Il y a six films sinon iraniens, du moins réalisés par des Iraniens, cette année à Cannes. Quatre longs (Histoires parallèles, d’Asghar Farhadi, Viendra la révolution, de Pegah Ahangarani, Dans la gueule de l’ogre, de Mahsa Karampour, Living Twice, Dying Thrice de Karim Lakzadeh) et deux courts-métrages (Playground, du chef opérateur Amirhossein Shojaei, Growing Stones, Flying Papers, film d’animation de Roozbeh Gezerseh et Soraya Shamsi). Une attention particulière les accueillera dans le contexte tragique qui frappe aujourd’hui le peuple iranien.
A Cannes, dans ce milieu de professionnels du cinéma, personne n’aura la naïveté de croire que ces films se confrontent à une guerre qui a commencé à la fin du mois de février. Mais tout le monde aura à l’esprit que le cinéma compense l’effet retard de sa propre fabrication par sa capacité médiumnique à voir les choses venir. Par ailleurs, si ces œuvres n’ont pas commencé avec la guerre, celle-ci en a rattrapé certaines en cours de réalisation, ce qui n’est pas sans importance.

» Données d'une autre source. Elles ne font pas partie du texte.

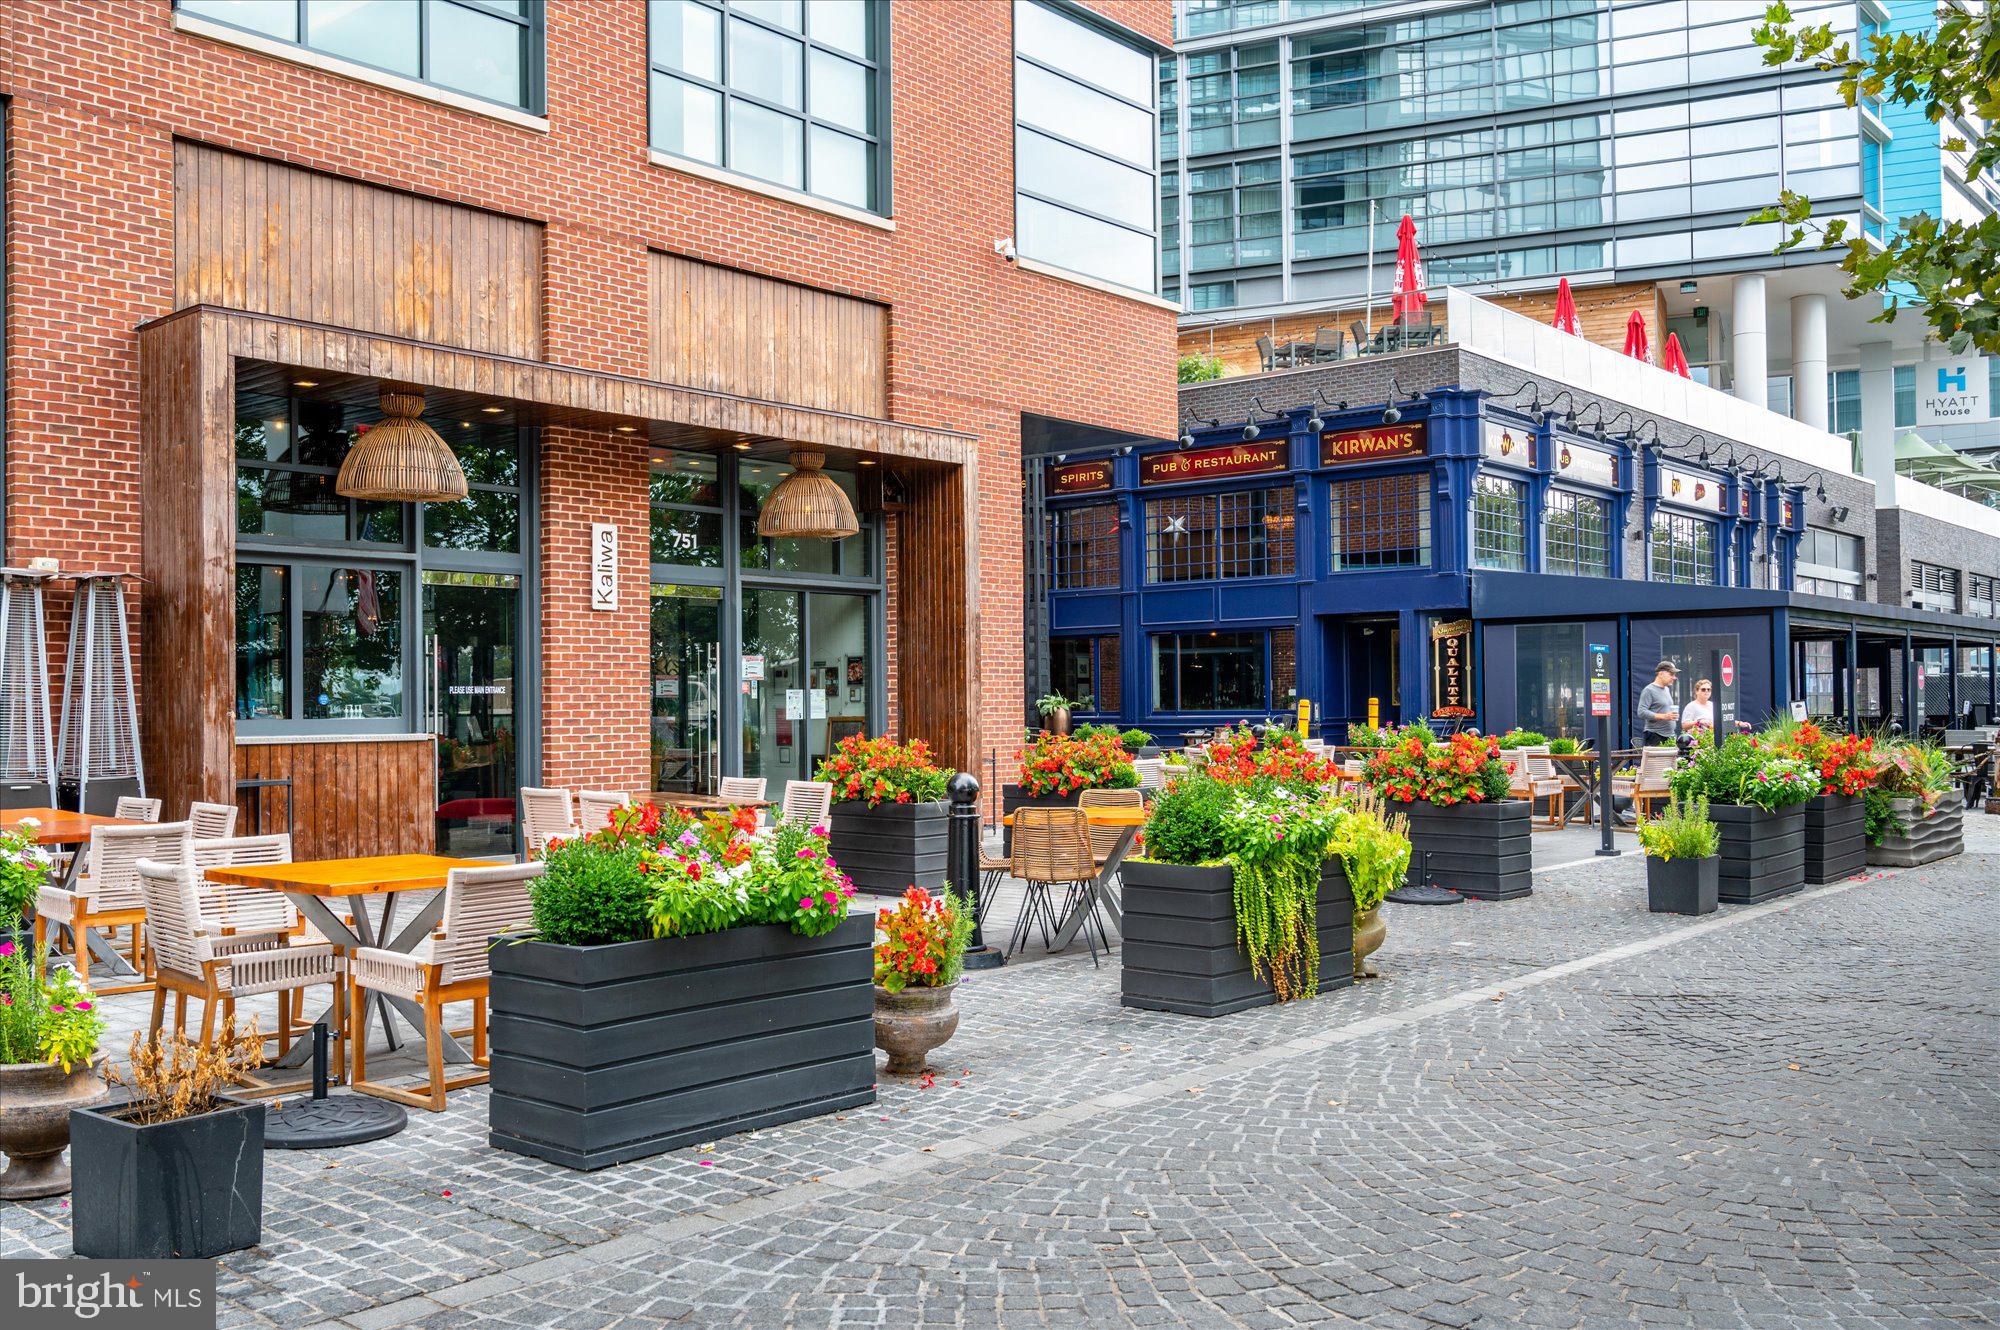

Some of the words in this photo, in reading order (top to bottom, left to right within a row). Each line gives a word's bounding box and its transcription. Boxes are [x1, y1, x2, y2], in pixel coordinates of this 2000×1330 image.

« Clandestins » de l’intérieur
Peu de ces cinéastes s’autorisent à parler librement de la situation, soit qu’ils puissent en pâtir directement, soit que des membres de leur famille, encore en Iran, se trouvent exposés à des représailles. Tout le spectre de la création iranienne s’y trouve en tout cas représenté, entre cinéastes exilés (la majorité), cinéastes « clandestins » de l’intérieur, ou, cas beaucoup plus rare, réalisateur susceptible de se partager, professionnellement et artistiquement, entre l’Iran et l’étranger.